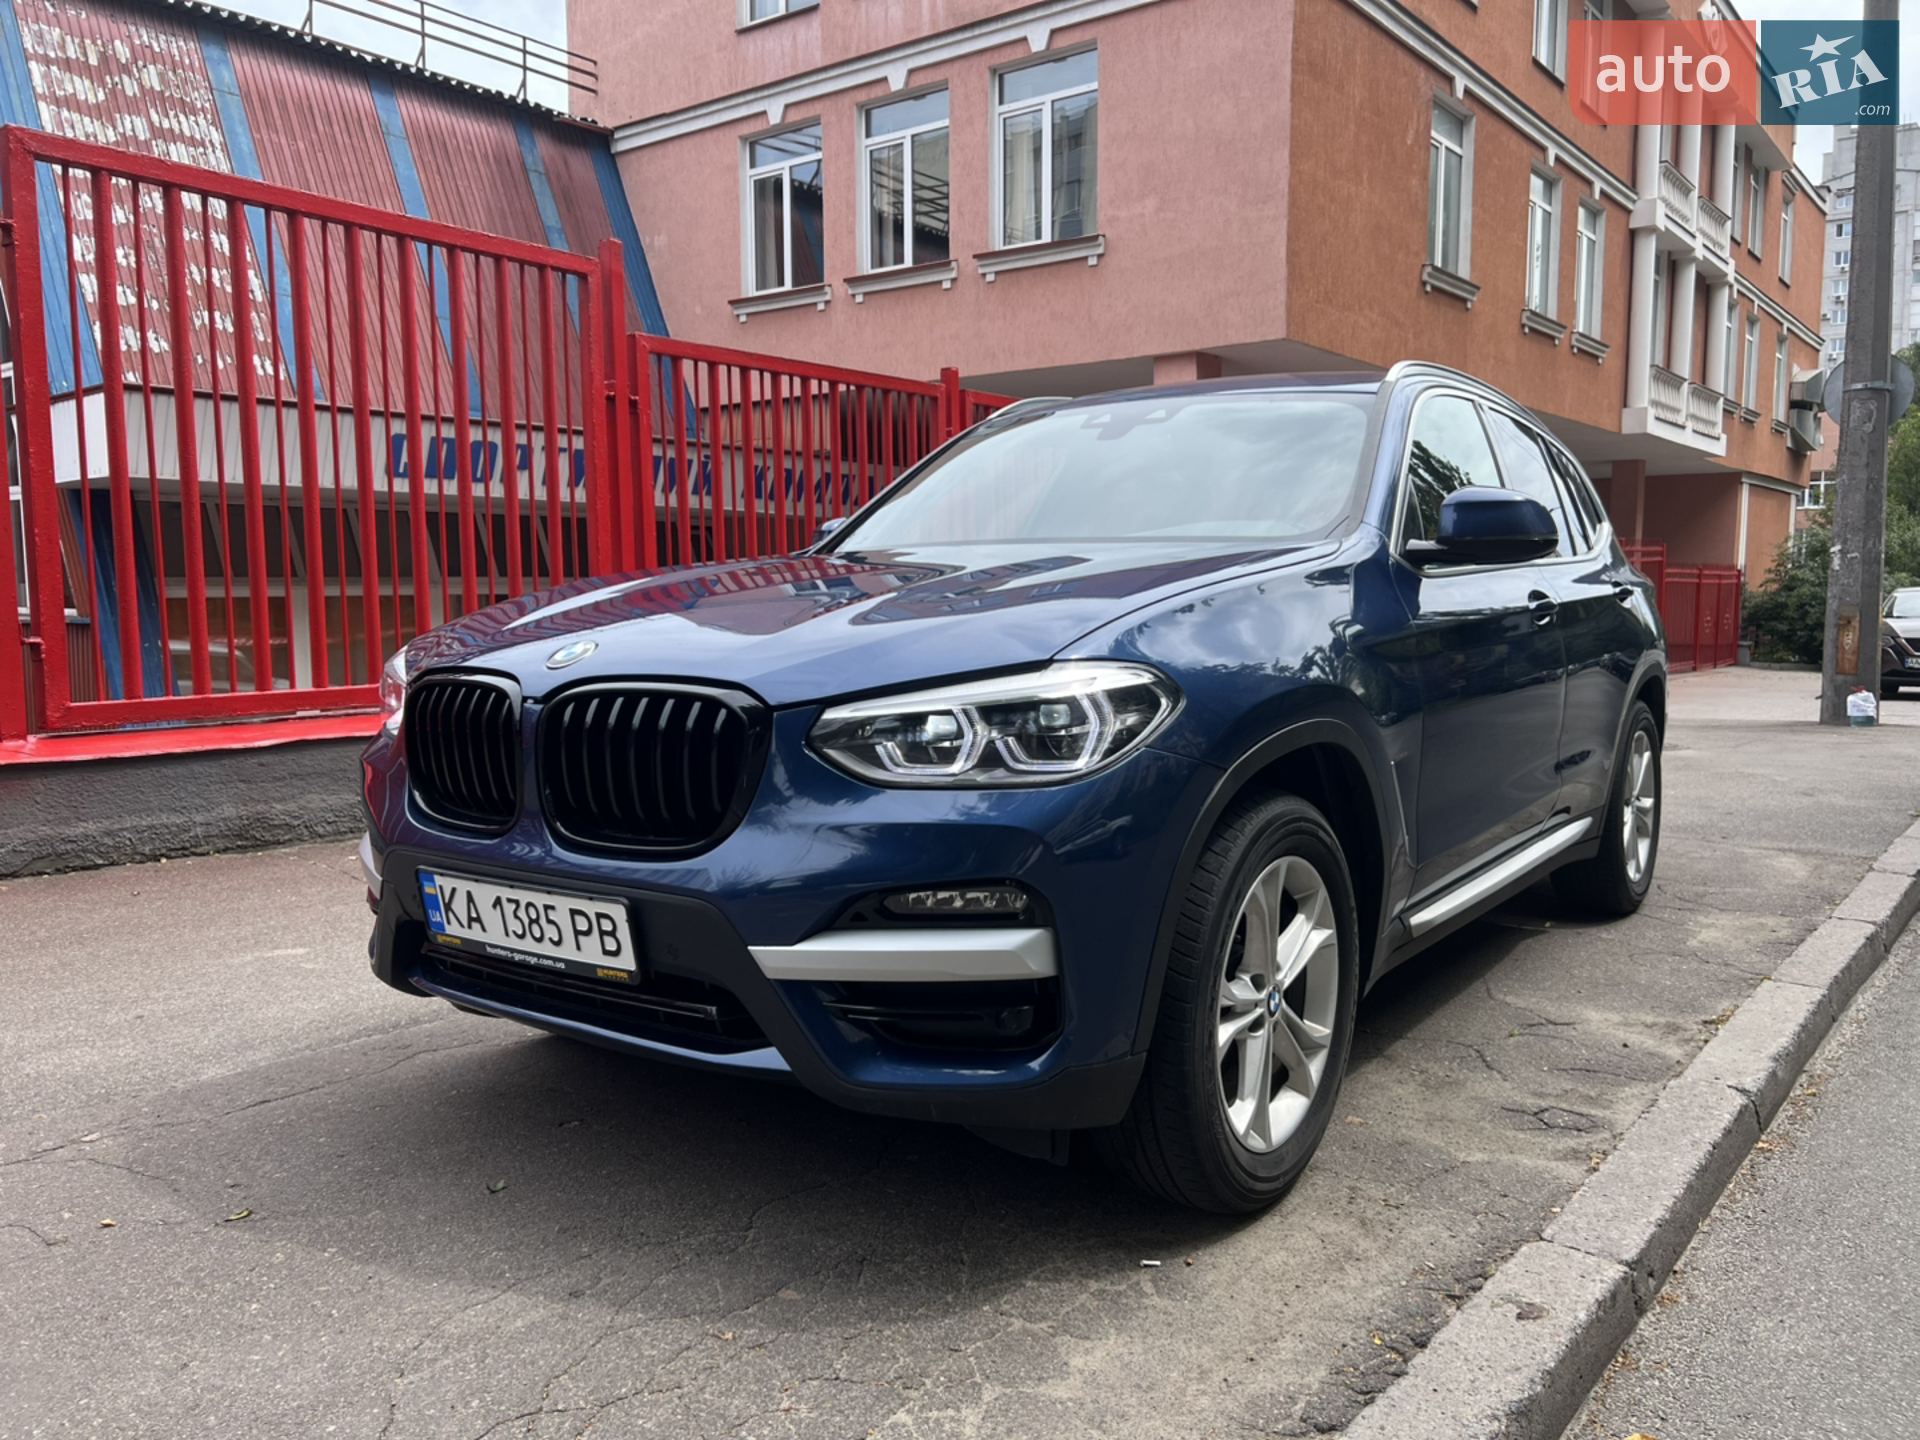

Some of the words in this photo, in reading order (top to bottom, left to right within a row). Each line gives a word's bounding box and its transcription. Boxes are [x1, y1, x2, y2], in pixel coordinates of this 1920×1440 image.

[429, 909, 443, 923] UA
[438, 884, 487, 933] KA
[491, 895, 564, 947] 1385
[568, 907, 623, 957] PB
[486, 944, 565, 968] hunters-garage.com.ua
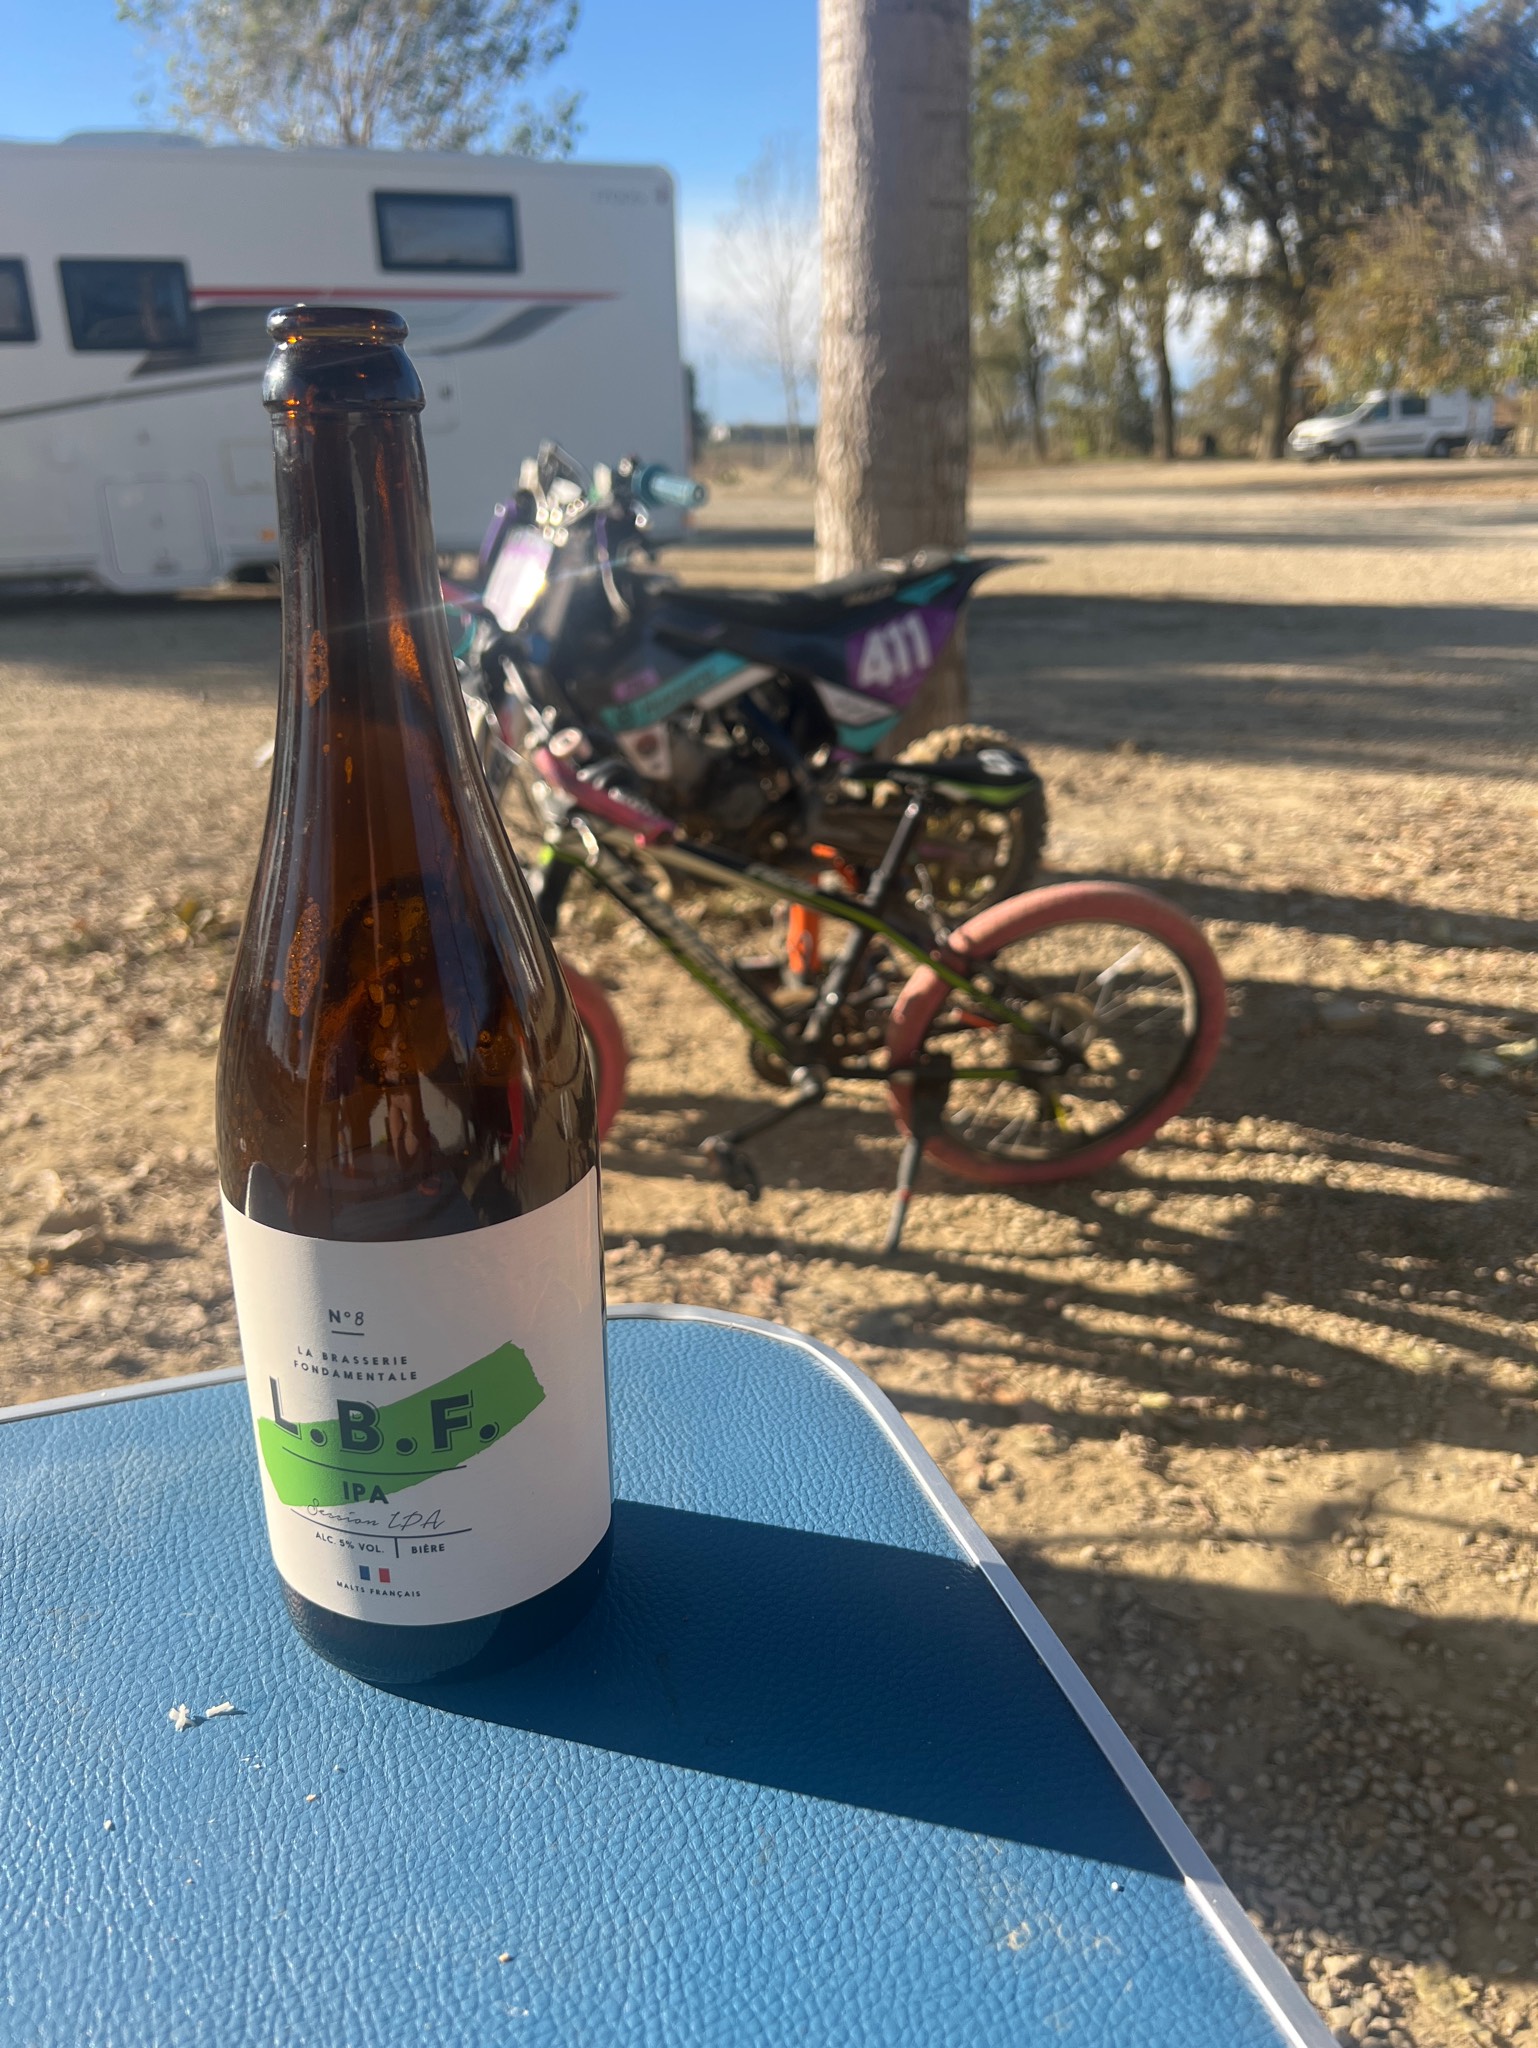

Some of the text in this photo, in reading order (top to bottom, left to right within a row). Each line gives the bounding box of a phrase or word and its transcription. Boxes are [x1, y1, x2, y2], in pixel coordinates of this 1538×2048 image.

[856, 611, 932, 688] 411
[297, 1345, 408, 1366] LA BRASSERIE
[293, 1359, 418, 1382] FONDAMENTALE
[342, 1480, 390, 1505] IPA
[306, 1497, 380, 1528] Session
[315, 1531, 385, 1554] ALC. 5% VOL.
[336, 1580, 422, 1599] MALTS FRANÇAIS

━━━━━━━━━━━━━━━━━━━━━━━━━━━━━━

§ **EXERCISE DETAILS**
The lines to copy run from the one containing "Some of the text" through the last line above. Copy them exactly and include nothing else.

§ **TASK RESPONSE**
Some of the text in this photo, in reading order (top to bottom, left to right within a row). Each line gives the bounding box of a phrase or word and its transcription. Boxes are [x1, y1, x2, y2], in pixel coordinates of this 1538×2048 image.

[856, 611, 932, 688] 411
[297, 1345, 408, 1366] LA BRASSERIE
[293, 1359, 418, 1382] FONDAMENTALE
[342, 1480, 390, 1505] IPA
[306, 1497, 380, 1528] Session
[315, 1531, 385, 1554] ALC. 5% VOL.
[336, 1580, 422, 1599] MALTS FRANÇAIS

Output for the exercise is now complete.